WHAT TO WORK ON:
When you copy the records that follow, please keep every word exactly as it is and leave out the pictures.

PROVIDED RECORDS:

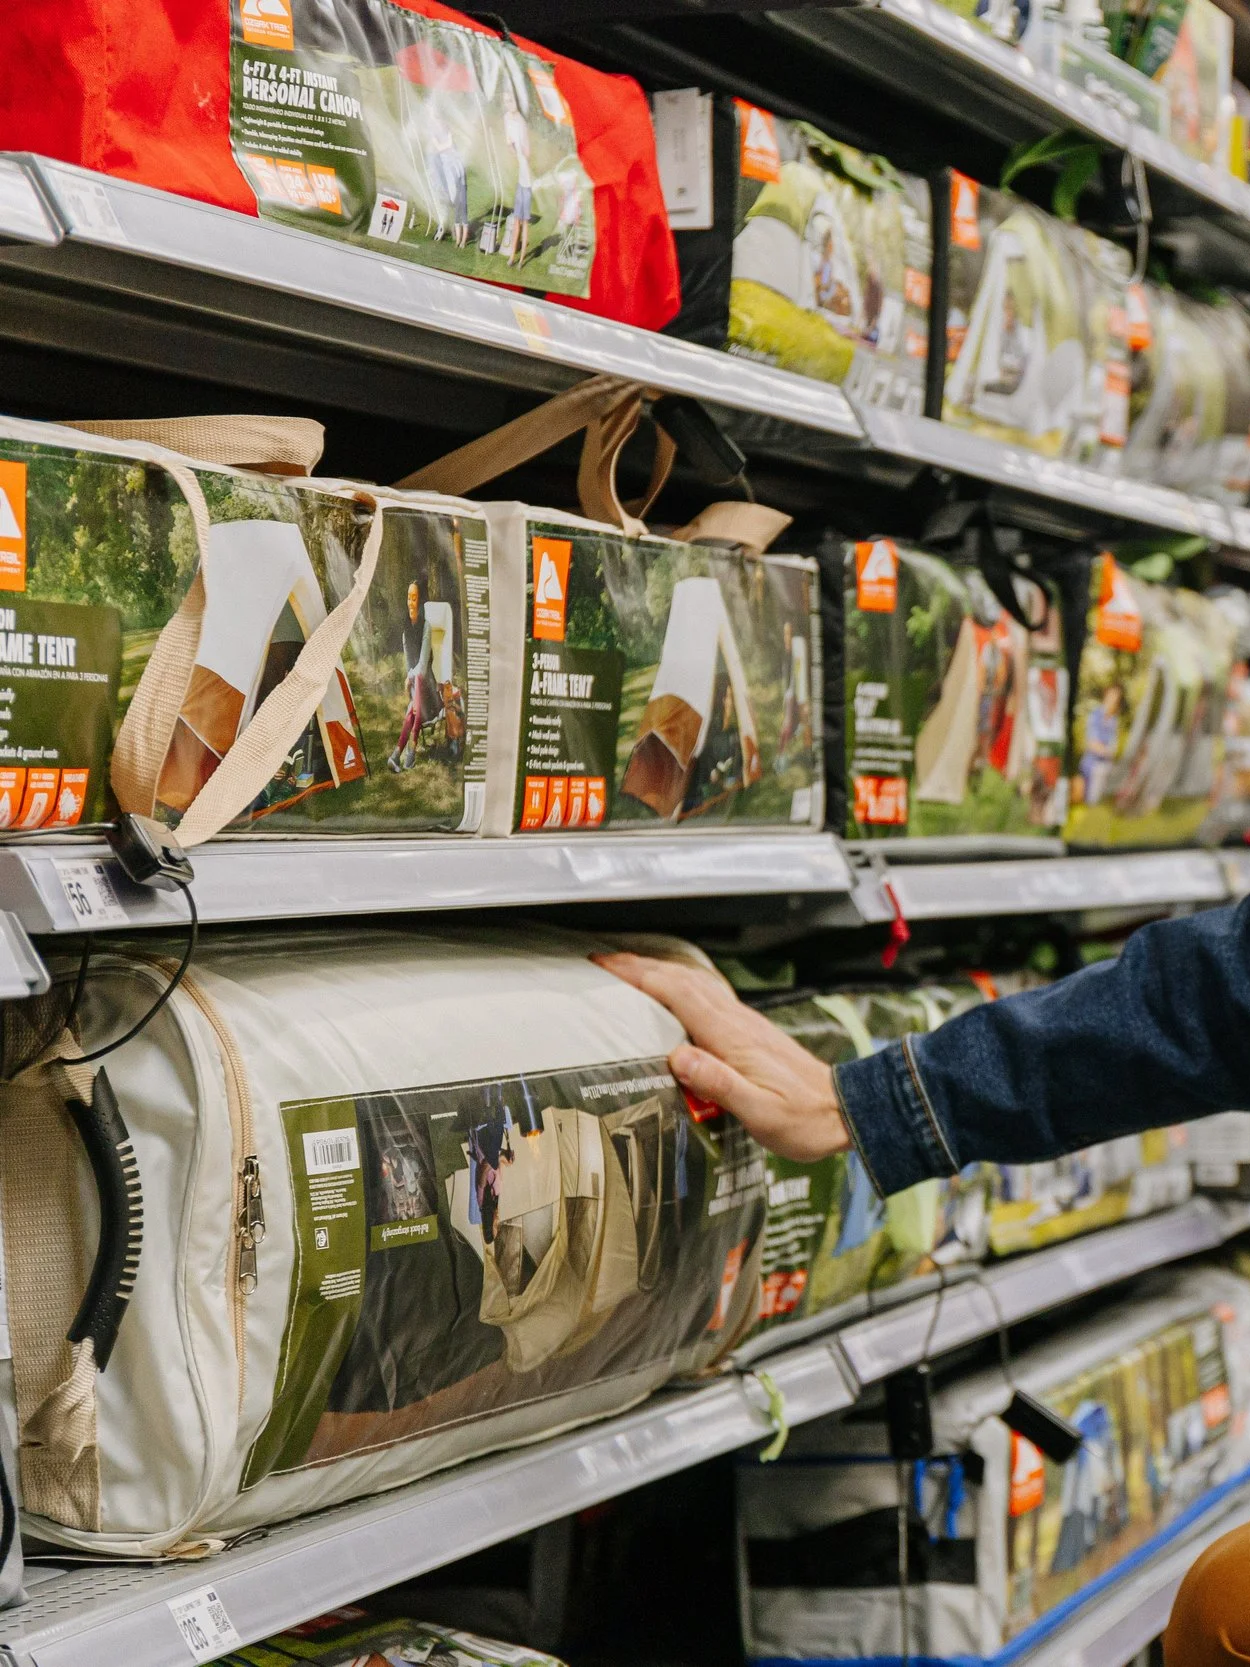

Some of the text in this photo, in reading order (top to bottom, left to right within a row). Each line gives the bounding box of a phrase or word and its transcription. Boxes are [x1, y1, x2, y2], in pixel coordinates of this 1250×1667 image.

[243, 60, 338, 92] 6-FT X 4-FT INSTANT
[243, 76, 316, 110] PERSONAL
[37, 634, 77, 668] TENT
[530, 670, 595, 699] A-FRAME TENT
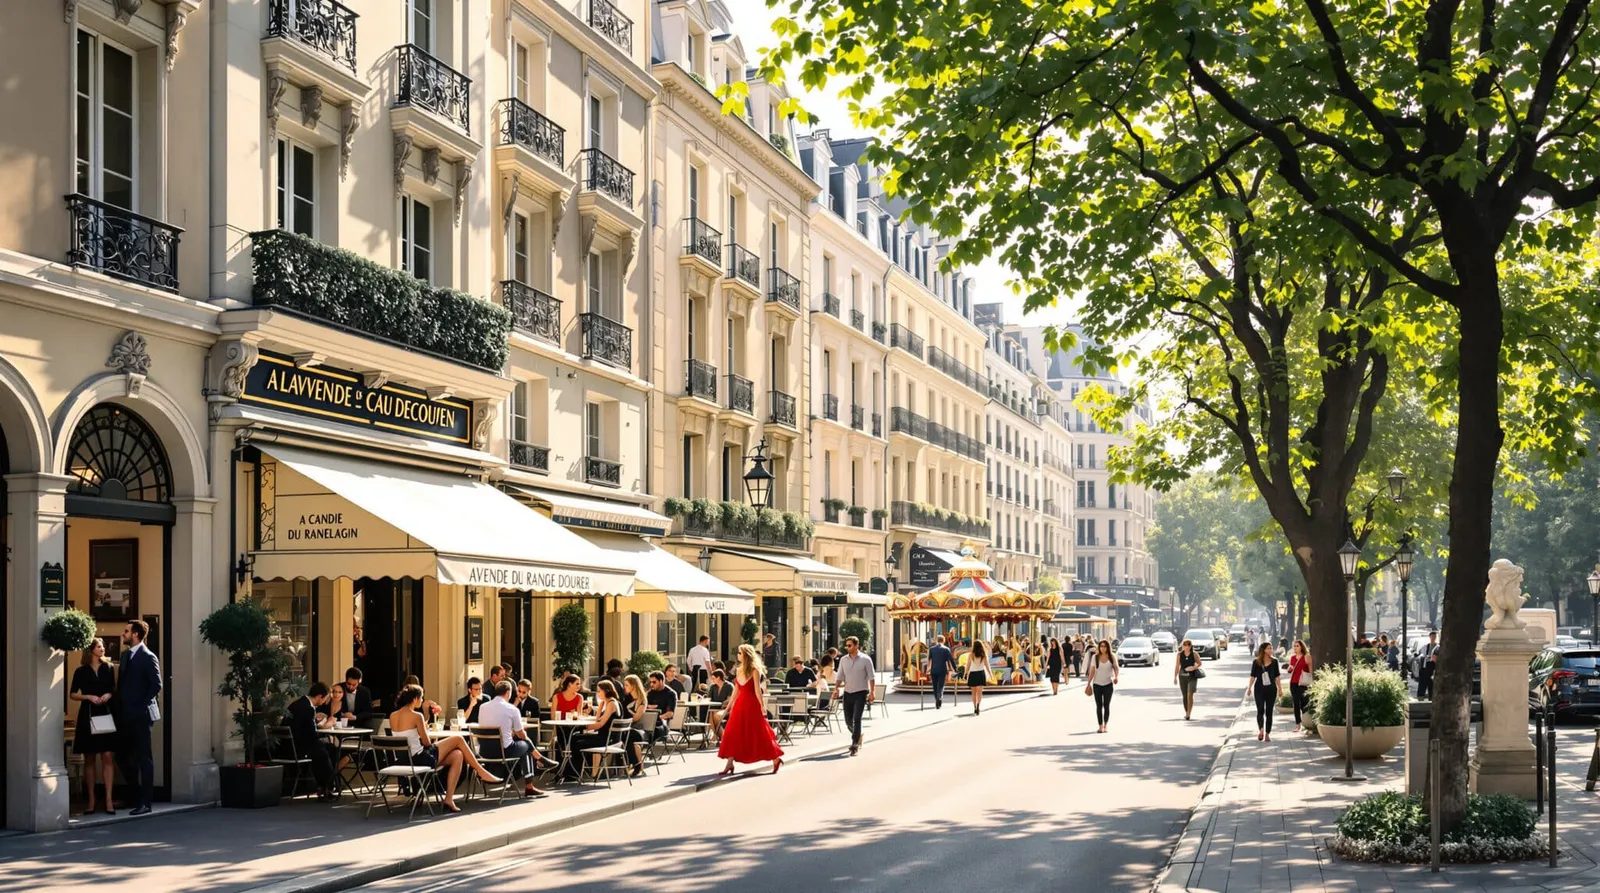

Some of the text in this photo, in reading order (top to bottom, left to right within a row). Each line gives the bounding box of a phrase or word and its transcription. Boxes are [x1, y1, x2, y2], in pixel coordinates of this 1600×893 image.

[299, 513, 343, 525] A CANDIE
[288, 528, 358, 540] DU RANELAGIN
[469, 567, 590, 590] AVENDE DU RANGE DOURER

ANSWER SECTION:
Some of the text in this photo, in reading order (top to bottom, left to right within a row). Each line gives the bounding box of a phrase or word and its transcription. Boxes are [x1, y1, x2, y2], in pixel coordinates of this 1250×1667 image.

[243, 60, 338, 92] 6-FT X 4-FT INSTANT
[243, 76, 316, 110] PERSONAL
[37, 634, 77, 668] TENT
[530, 670, 595, 699] A-FRAME TENT

Some of the text in this photo, in reading order (top to bottom, left to right within a row). Each line gives the bounding box of a phrase or word and its transcription. Boxes are [x1, y1, x2, y2], in pixel coordinates of this 1600×893 image.

[299, 513, 343, 525] A CANDIE
[288, 528, 358, 540] DU RANELAGIN
[469, 567, 590, 590] AVENDE DU RANGE DOURER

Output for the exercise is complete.